§ **TO DO**
What is needed is an exact repeat of the lines from the one holding "Some of the words" through the final line of the data, with no pictures.

§ **RECORDS FOR THIS TASK**
────

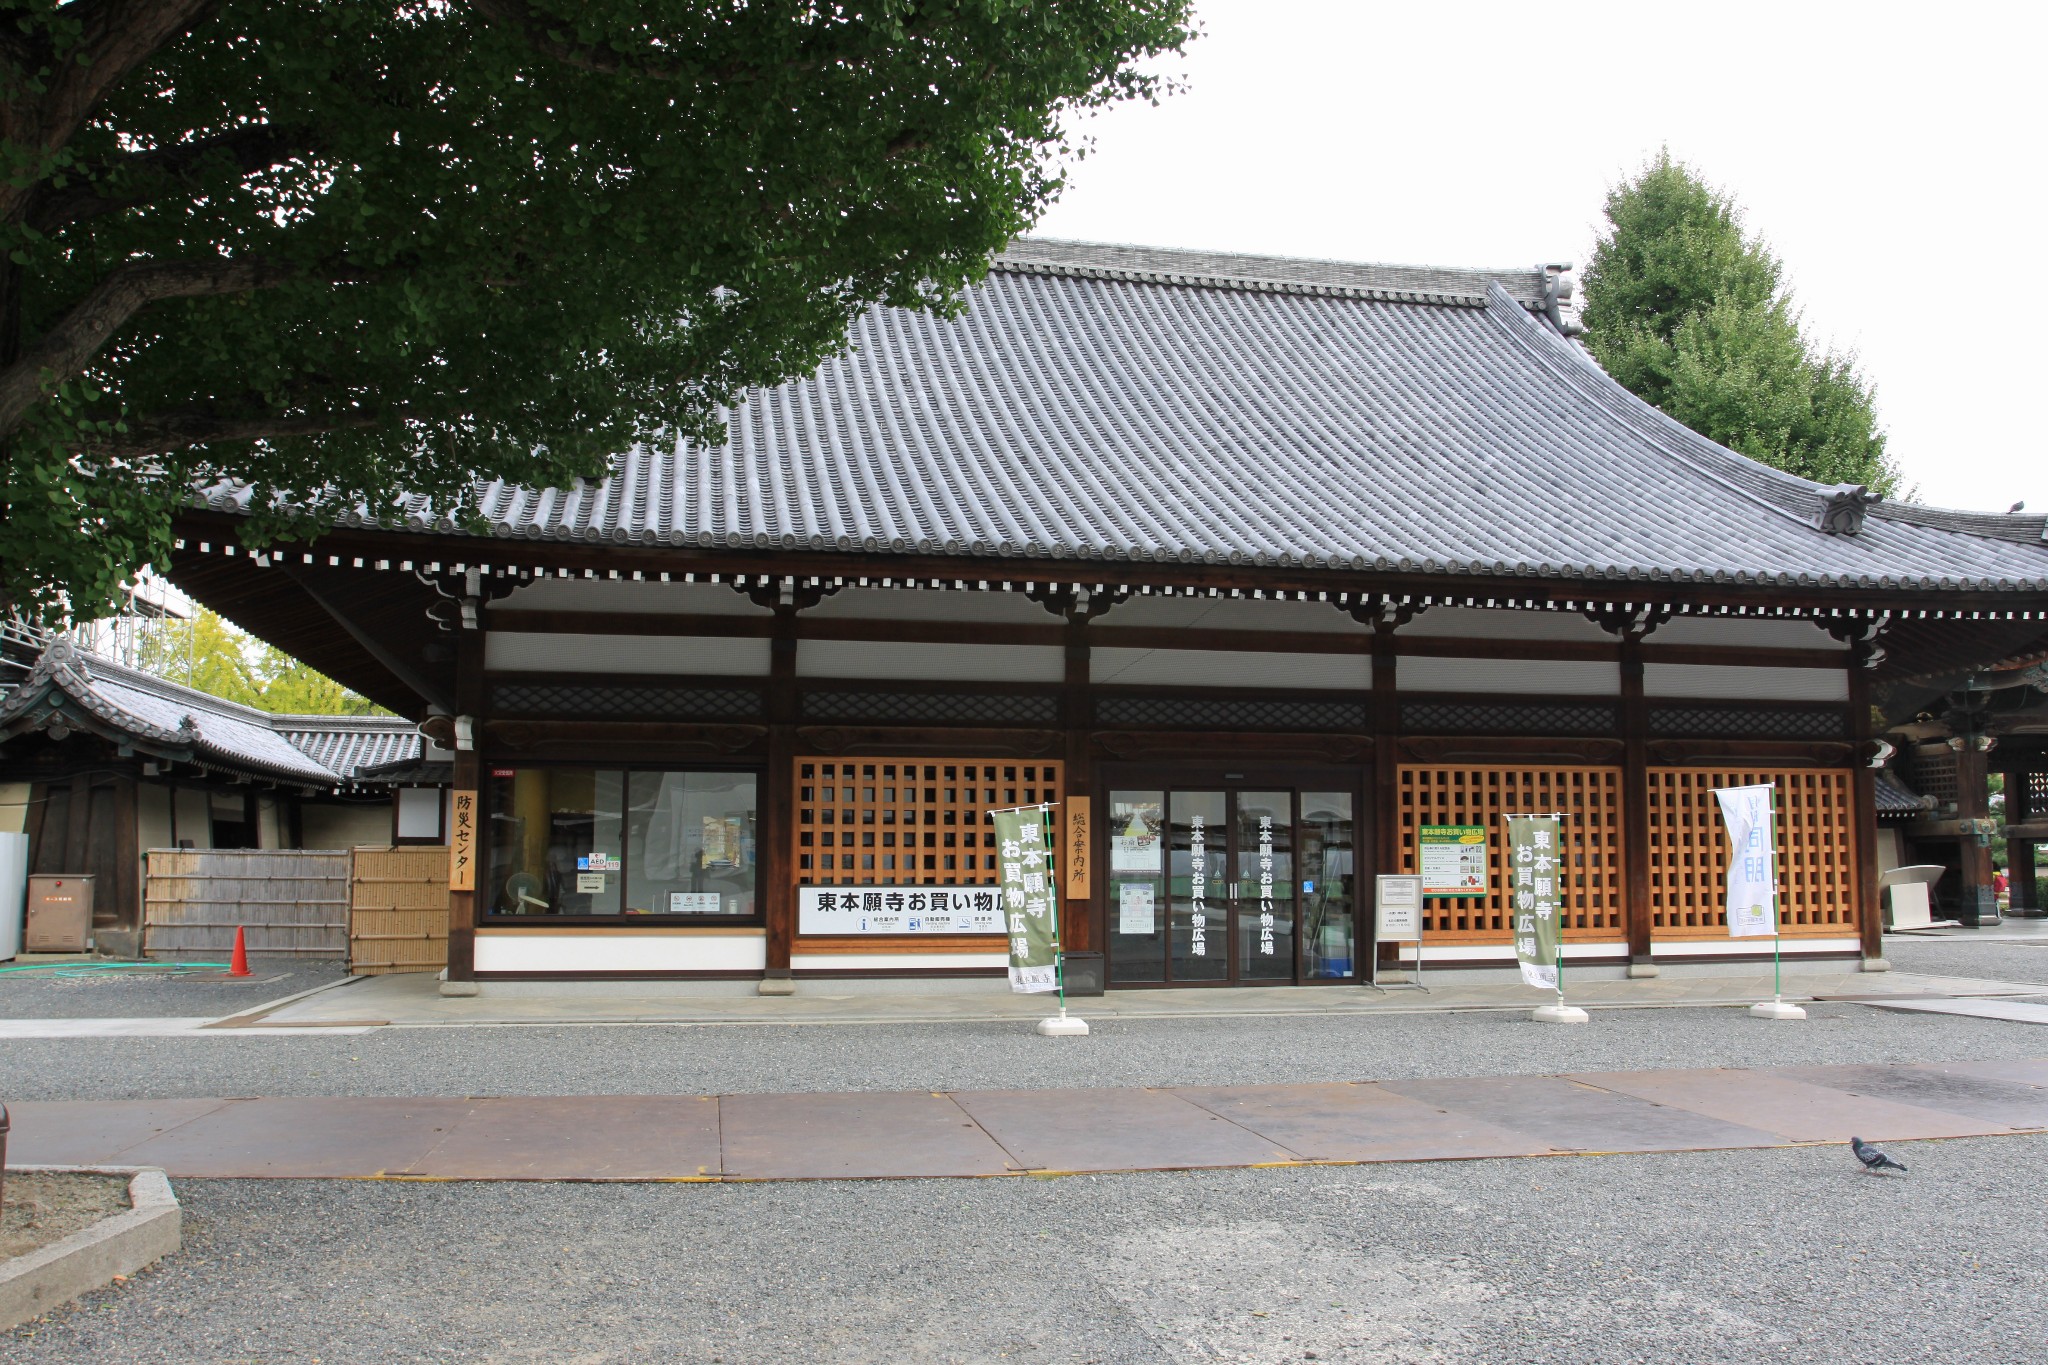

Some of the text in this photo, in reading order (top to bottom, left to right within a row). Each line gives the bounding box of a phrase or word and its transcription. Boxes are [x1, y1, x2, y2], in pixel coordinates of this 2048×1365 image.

[456, 795, 472, 884] 防災センター
[1019, 823, 1047, 919] 東本願寺
[1071, 813, 1086, 883] 総合案内所
[1190, 815, 1206, 956] 東本願寺お買い物広場
[1259, 815, 1274, 955] 東本願寺お買い物広場
[1532, 830, 1553, 920] 東本願寺
[1002, 838, 1029, 959] お買物広場
[1516, 844, 1536, 957] お買物広場
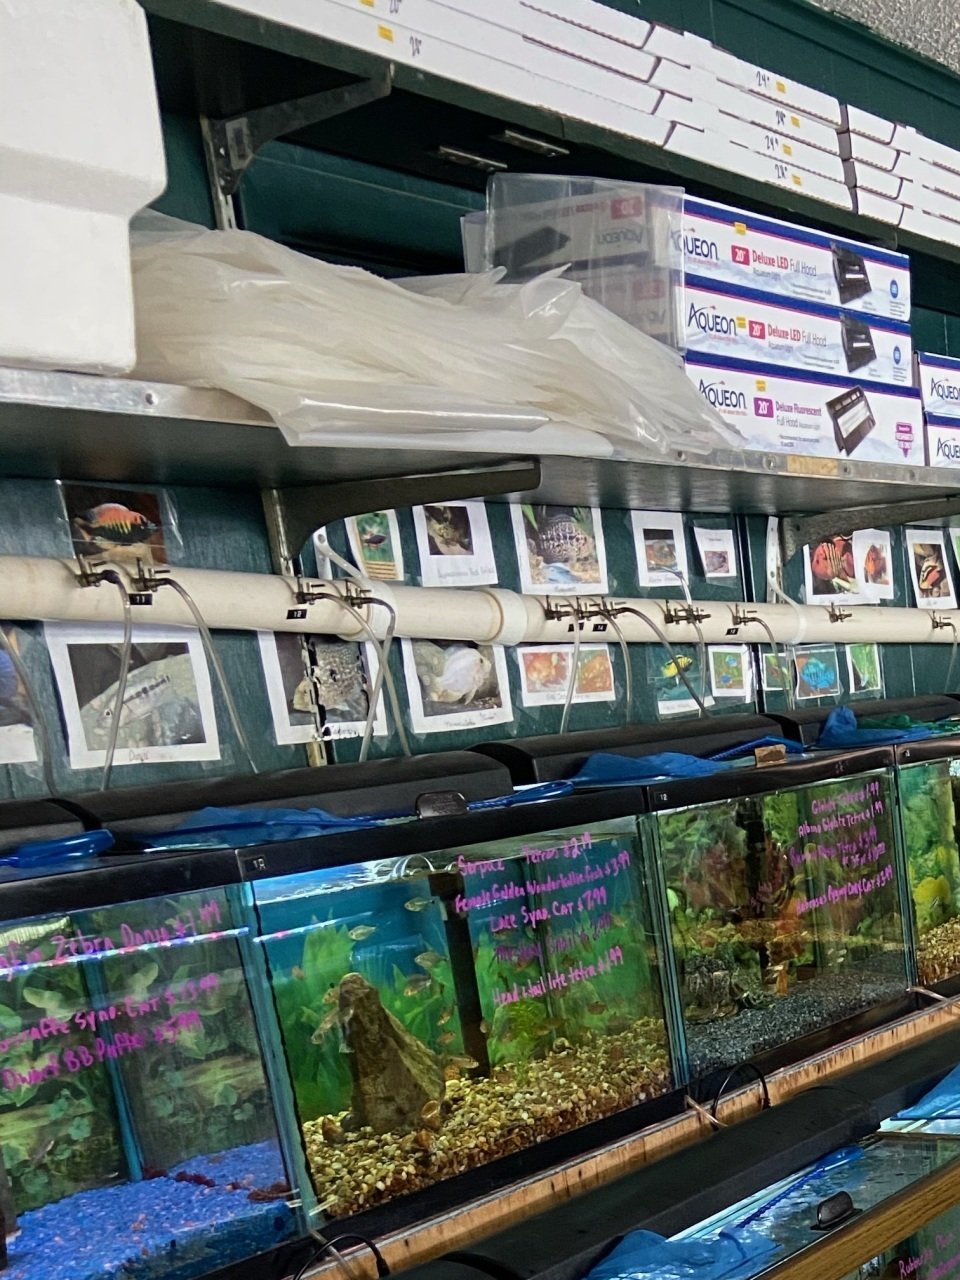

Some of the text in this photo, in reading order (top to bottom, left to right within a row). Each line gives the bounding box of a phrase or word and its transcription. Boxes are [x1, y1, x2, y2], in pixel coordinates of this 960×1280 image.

[752, 250, 776, 267] Deluxe
[777, 256, 789, 270] LED
[768, 324, 789, 341] Deluxe
[790, 329, 801, 342] LED
[63, 1045, 93, 1073] BB
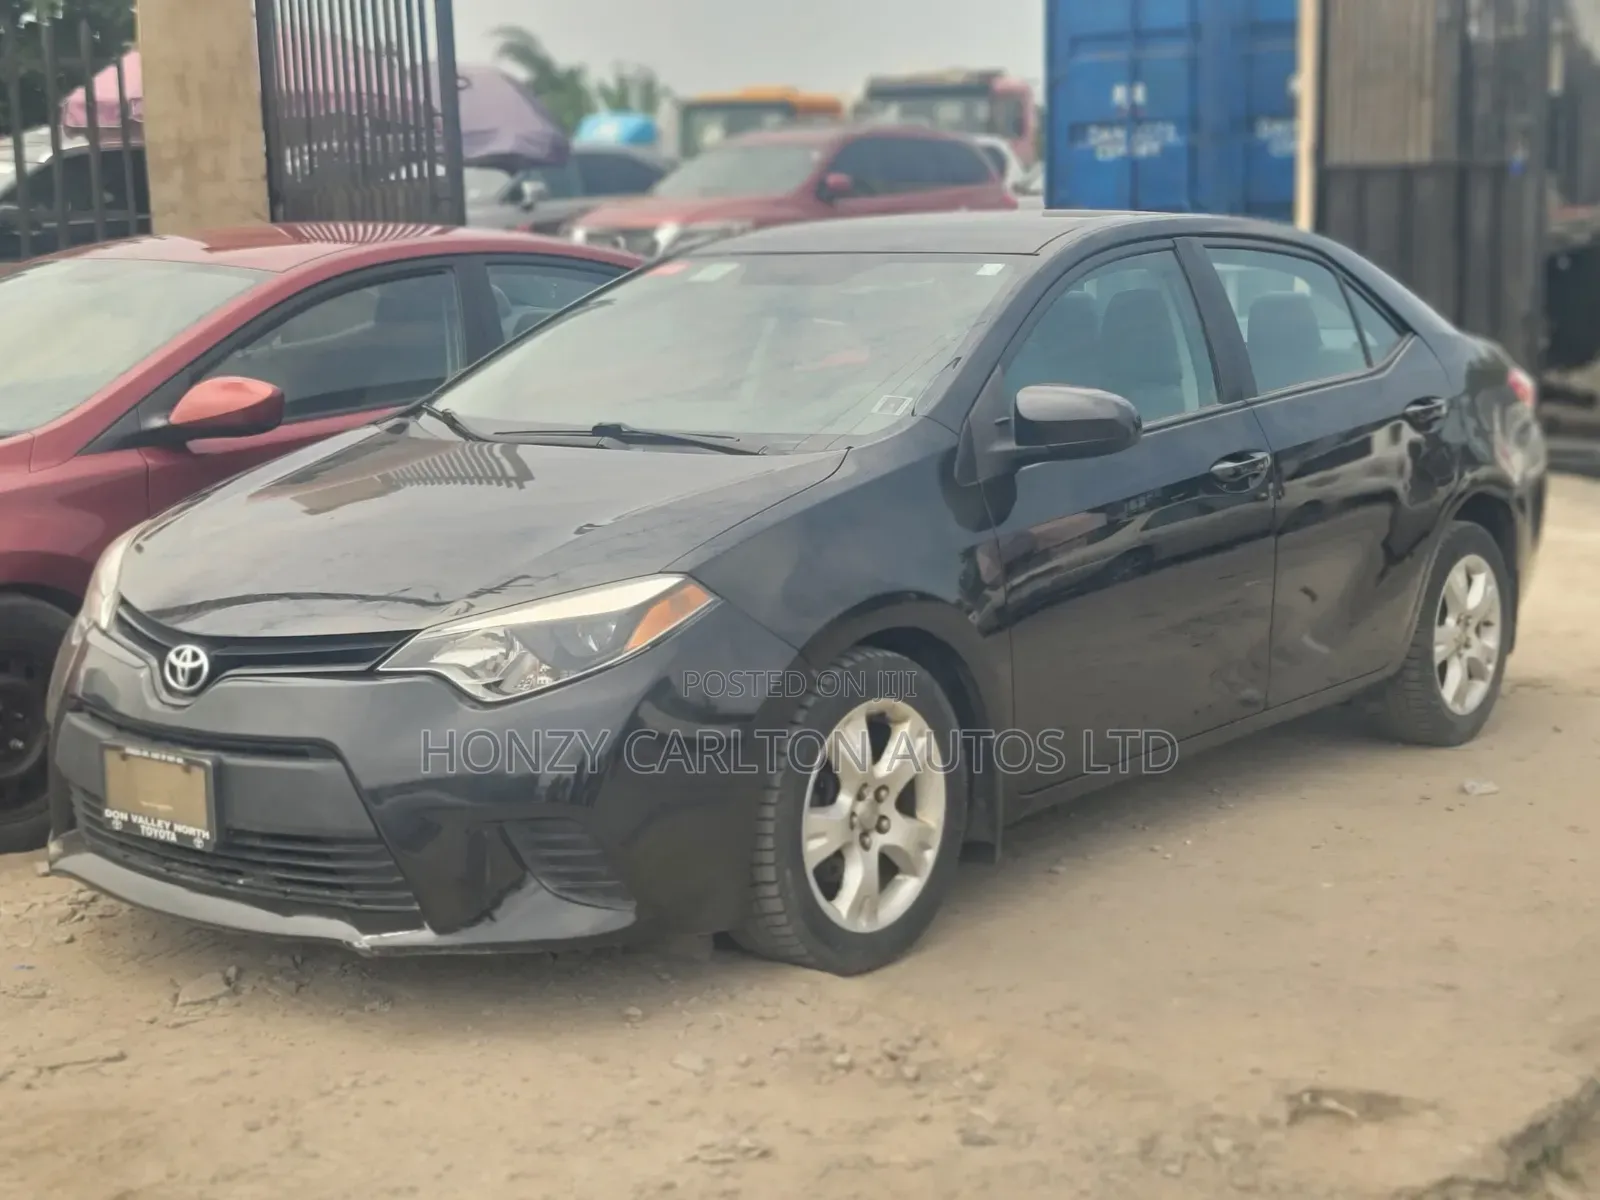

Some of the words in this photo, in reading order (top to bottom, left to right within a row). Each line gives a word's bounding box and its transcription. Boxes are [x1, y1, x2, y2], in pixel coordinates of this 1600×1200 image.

[131, 814, 172, 830] VALLEY
[173, 823, 210, 840] NORTH
[140, 825, 177, 842] TOYOTA
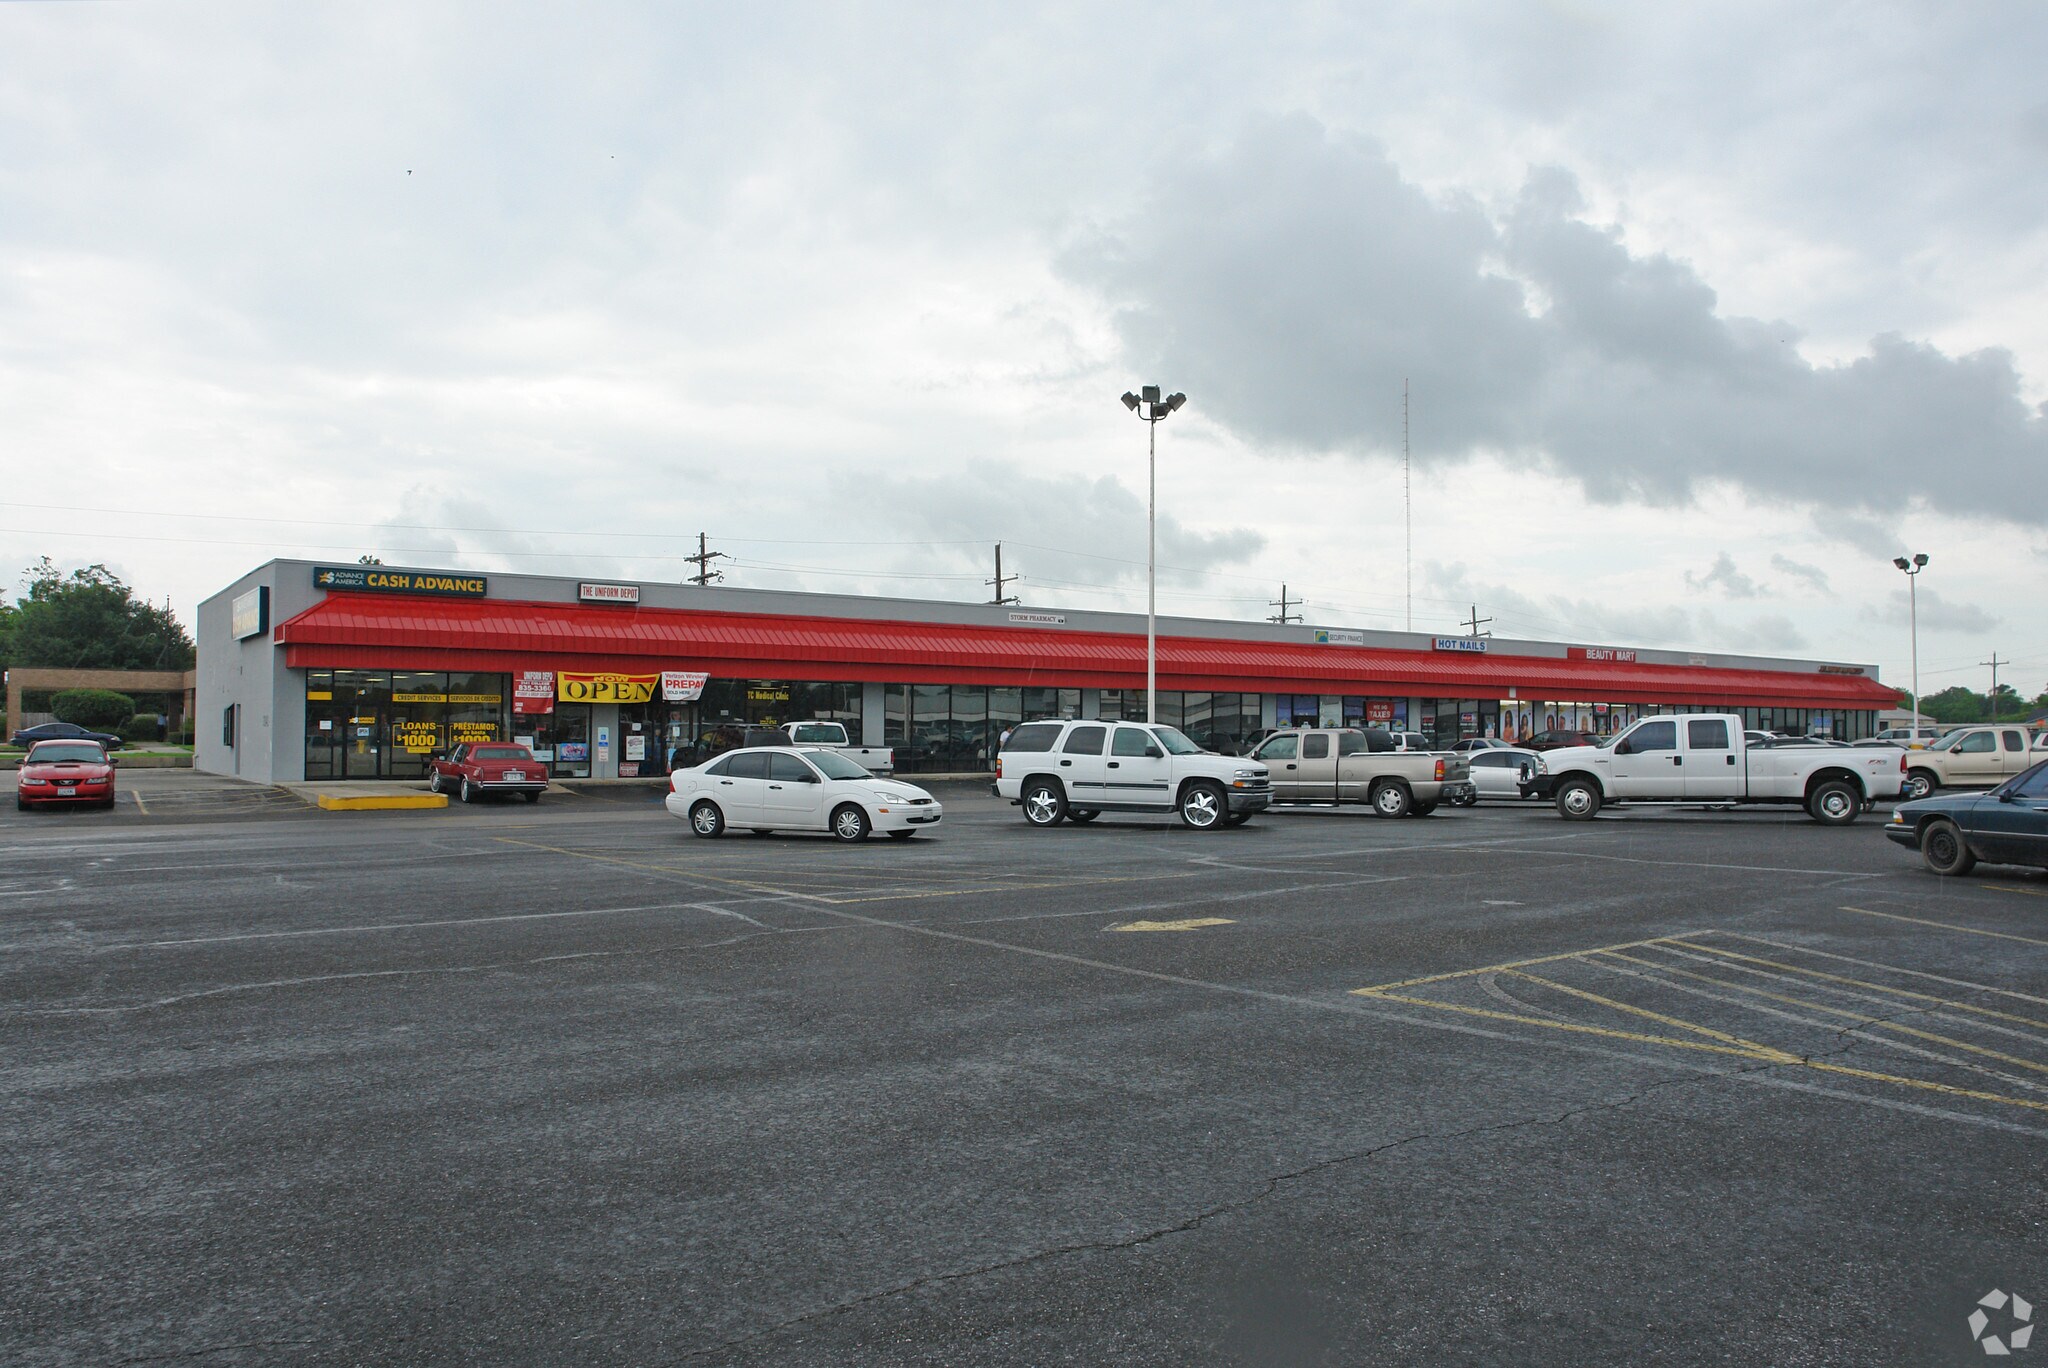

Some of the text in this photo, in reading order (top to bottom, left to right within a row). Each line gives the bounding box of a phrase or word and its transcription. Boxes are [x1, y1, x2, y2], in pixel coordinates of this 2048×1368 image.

────

§ **TASK ANSWER**
Some of the words in this photo, in reading order (top to bottom, left to right within a row). Each line gives a word's bounding box and its transcription. Boxes are [x1, y1, x2, y2], in pixel coordinates of this 1600×1200 image.

[131, 814, 172, 830] VALLEY
[173, 823, 210, 840] NORTH
[140, 825, 177, 842] TOYOTA

Some of the text in this photo, in reading order (top to bottom, left to right within a row). Each line gives the bounding box of a phrase or word and its transcription. Boxes are [x1, y1, x2, y2], in pixel coordinates of this 2048×1368 image.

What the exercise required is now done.